Exercise data –

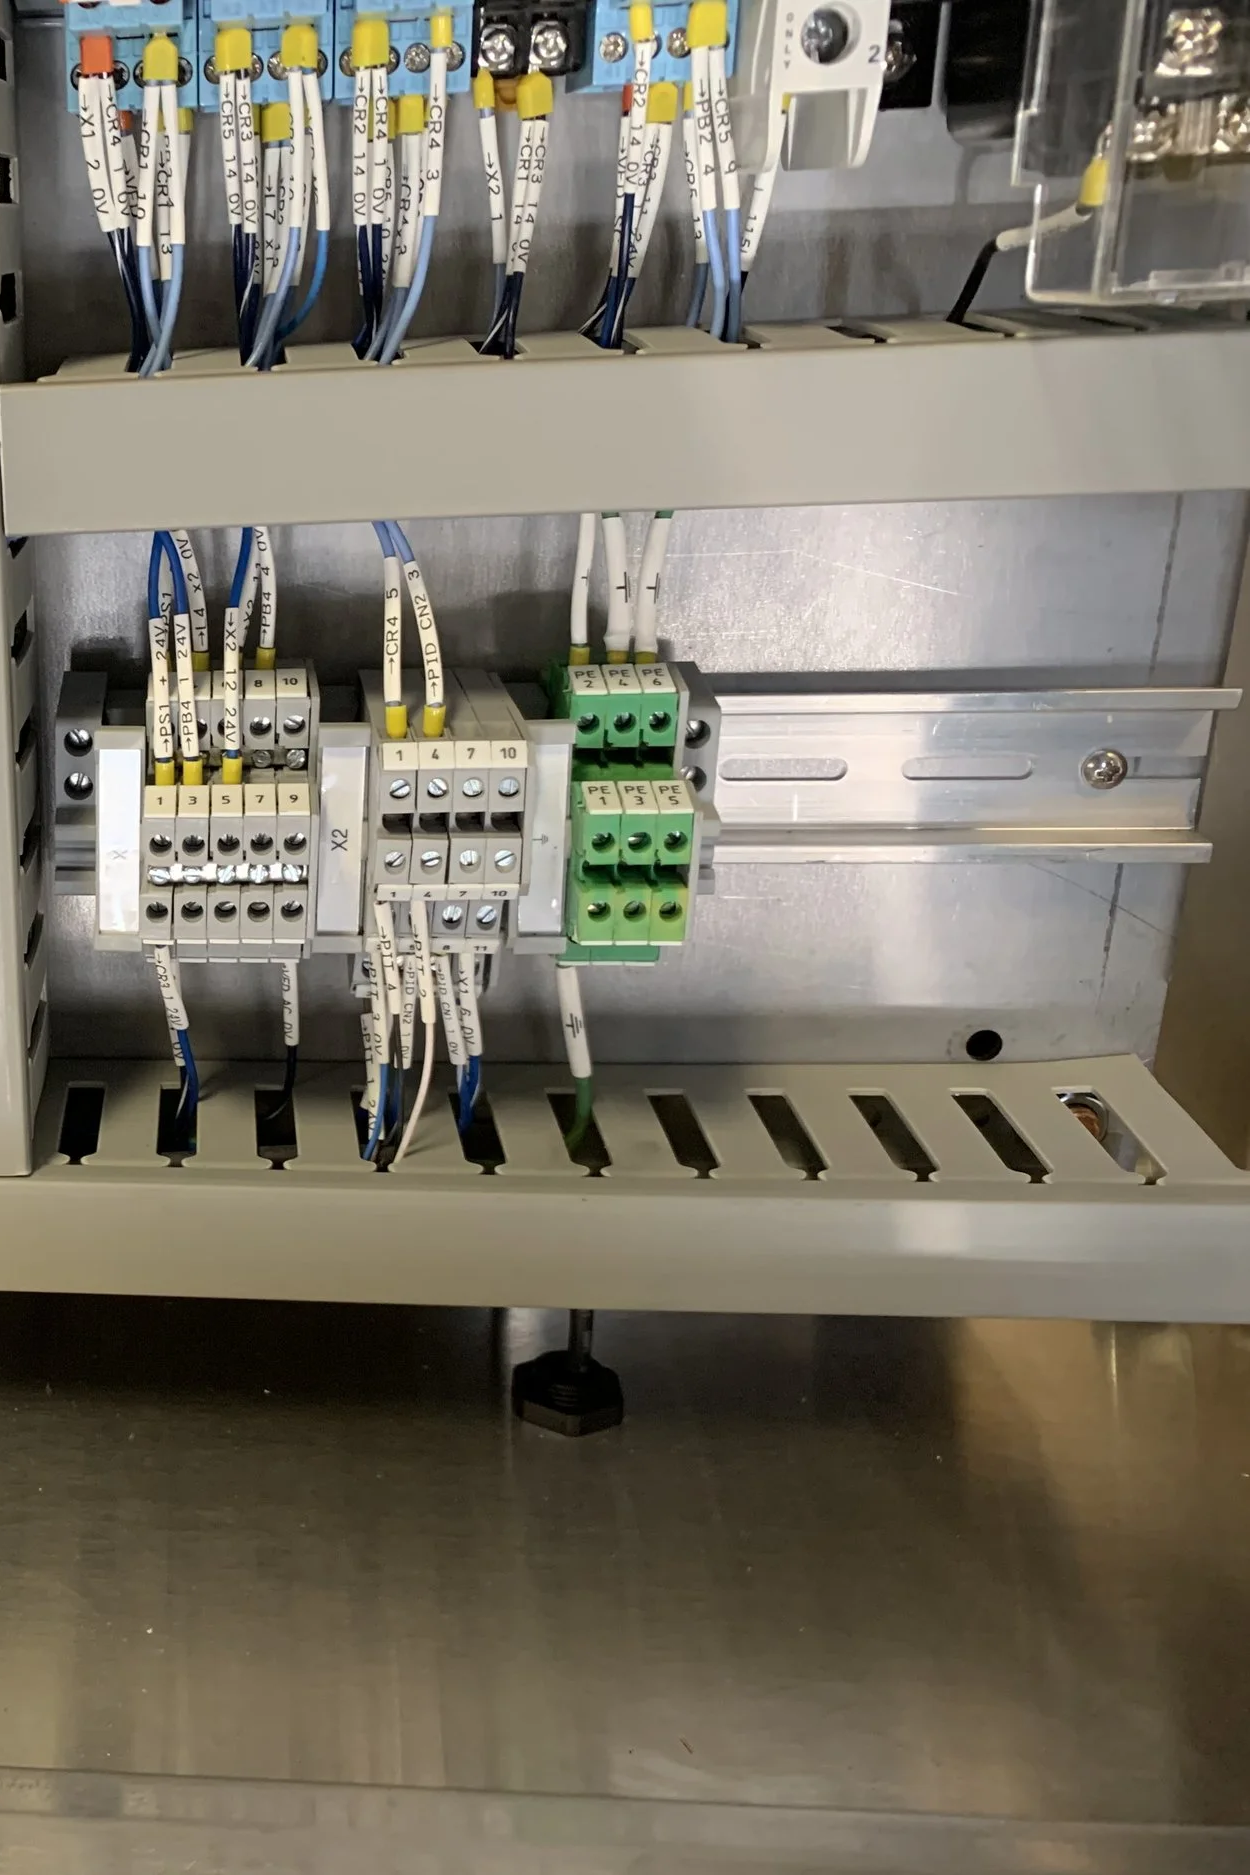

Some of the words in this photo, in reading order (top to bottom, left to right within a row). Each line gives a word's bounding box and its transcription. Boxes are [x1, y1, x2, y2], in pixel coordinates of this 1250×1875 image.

[867, 44, 882, 65] 2
[633, 68, 648, 108] CR2
[80, 113, 96, 138] X1
[105, 103, 122, 147] CR4
[221, 101, 236, 140] CR5
[238, 101, 253, 142] CR3
[354, 94, 368, 135] CR2
[375, 96, 388, 141] CR4
[695, 100, 713, 145] PB2
[713, 98, 733, 145] CR5
[428, 105, 443, 150] CR4
[629, 124, 644, 147] 14
[224, 156, 238, 179] 14
[242, 158, 255, 184] 14
[353, 152, 366, 177] 14
[517, 144, 533, 181] CR1
[530, 144, 547, 185] CR3
[702, 163, 715, 177] 4
[157, 169, 175, 209] CR1
[485, 170, 501, 196] X2
[513, 204, 525, 225] 14
[524, 201, 538, 225] 14
[260, 565, 271, 577] 4
[407, 569, 421, 581] 3
[386, 587, 399, 599] 5
[260, 590, 273, 629] PB4
[414, 593, 434, 632] CN2
[153, 624, 169, 661] 24V
[174, 623, 190, 660] 24V
[225, 628, 238, 652] X2
[385, 615, 399, 656] CR4
[427, 641, 441, 681] PID
[225, 667, 238, 692] 12
[253, 678, 264, 689] 8
[281, 676, 299, 688] 10
[574, 669, 597, 681] PE
[584, 678, 595, 689] 2
[608, 668, 631, 680] PE
[618, 677, 629, 687] 4
[641, 667, 664, 679] PE
[652, 675, 662, 686] 6
[158, 703, 172, 738] PS1
[181, 698, 194, 737] PB4
[224, 706, 238, 744] 24V
[395, 747, 403, 761] 1
[430, 747, 440, 761] 4
[466, 746, 476, 760] 7
[500, 746, 518, 760] 10
[156, 795, 164, 807] 1
[187, 794, 198, 806] 3
[221, 794, 231, 806] 5
[255, 794, 265, 805] 7
[289, 793, 299, 805] 9
[587, 785, 611, 797] PE
[600, 796, 608, 806] 1
[623, 785, 647, 796] PE
[634, 795, 645, 806] 3
[658, 784, 681, 796] PE
[668, 795, 679, 806] 5
[330, 827, 349, 852] X2
[381, 939, 395, 973] PIT
[413, 940, 426, 978] PIT
[405, 970, 416, 996] PID
[437, 973, 448, 995] PID
[402, 1002, 414, 1025] CN2
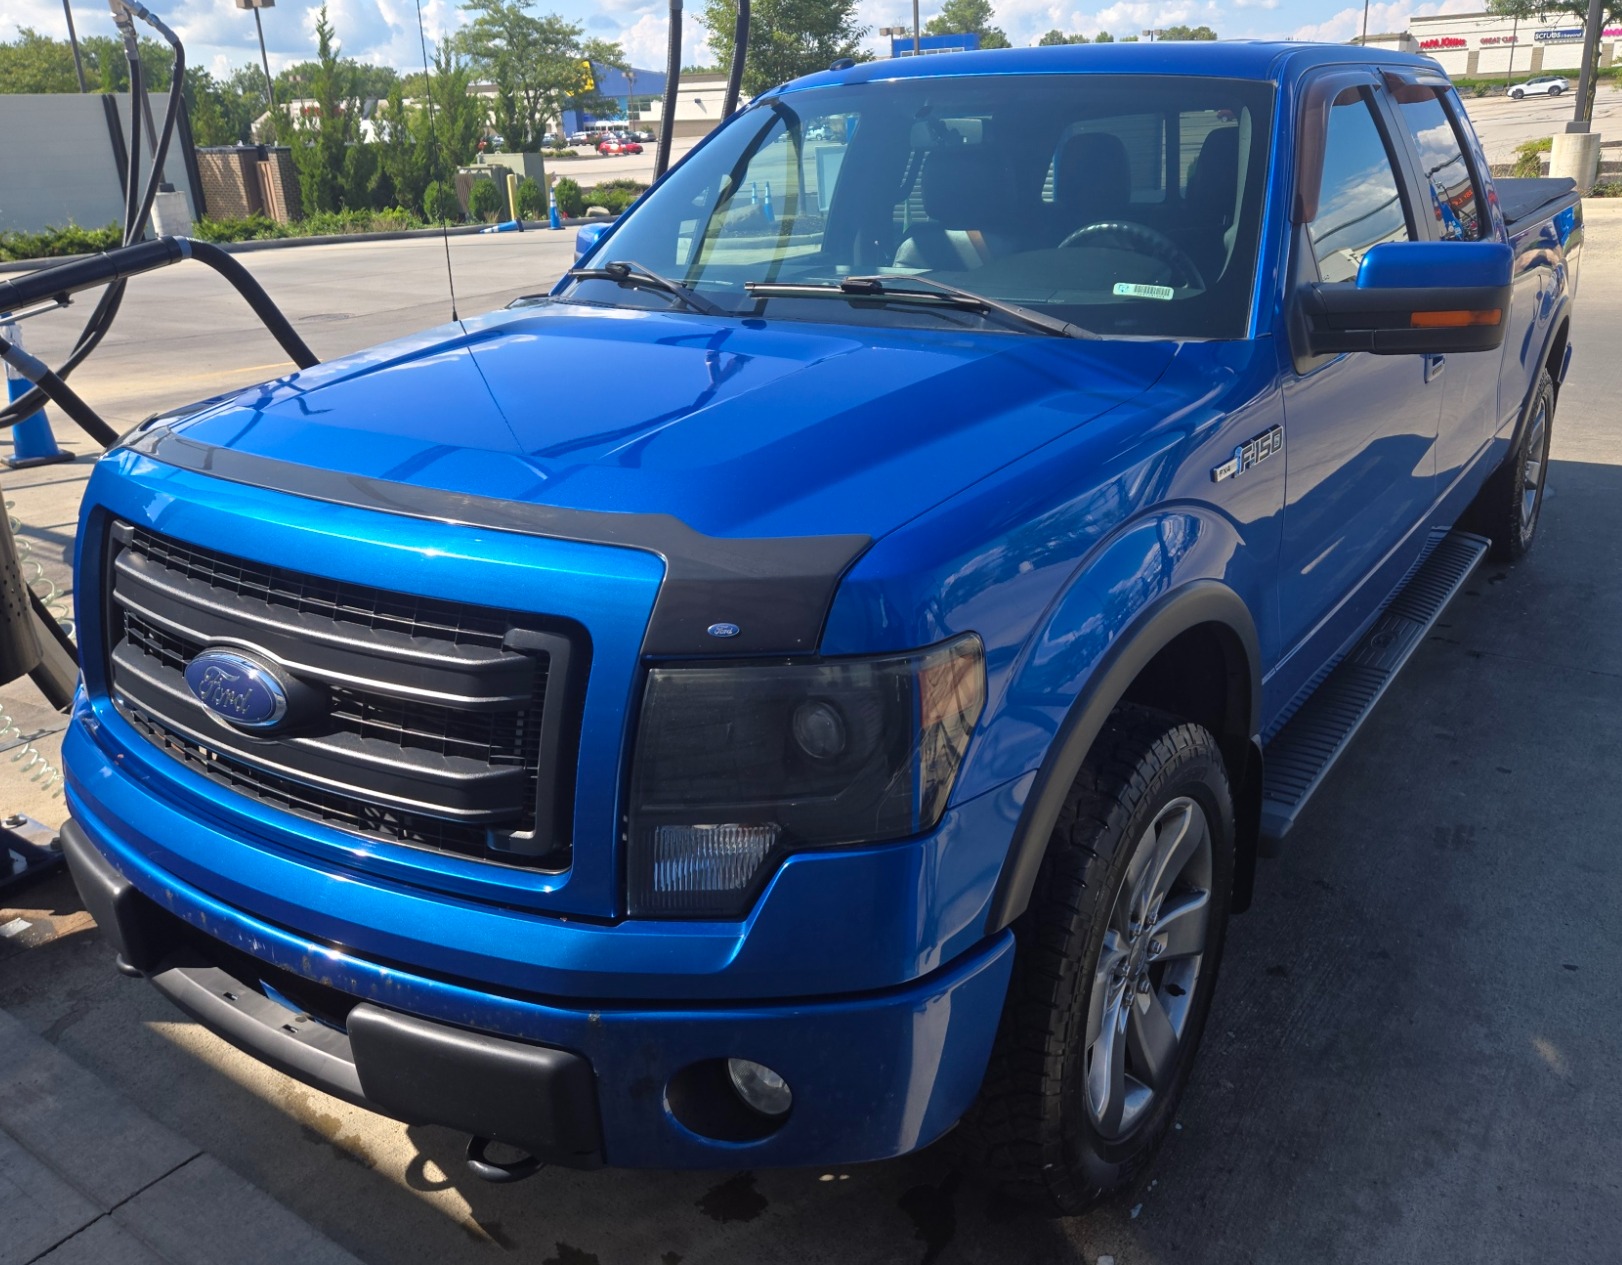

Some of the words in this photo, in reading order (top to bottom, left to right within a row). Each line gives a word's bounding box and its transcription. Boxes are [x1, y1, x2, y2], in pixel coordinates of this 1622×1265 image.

[1480, 37, 1501, 45] GREAT
[713, 623, 733, 635] Ford
[198, 665, 252, 714] Ford

Assignment –
An exact copy of the lines from the one containing "this 1622×1265 image." through the end of the data above is the whole answer.

Response to this task –
Some of the words in this photo, in reading order (top to bottom, left to right within a row). Each line gives a word's bounding box and its transcription. Boxes are [x1, y1, x2, y2], in pixel coordinates of this 1622×1265 image.

[1480, 37, 1501, 45] GREAT
[713, 623, 733, 635] Ford
[198, 665, 252, 714] Ford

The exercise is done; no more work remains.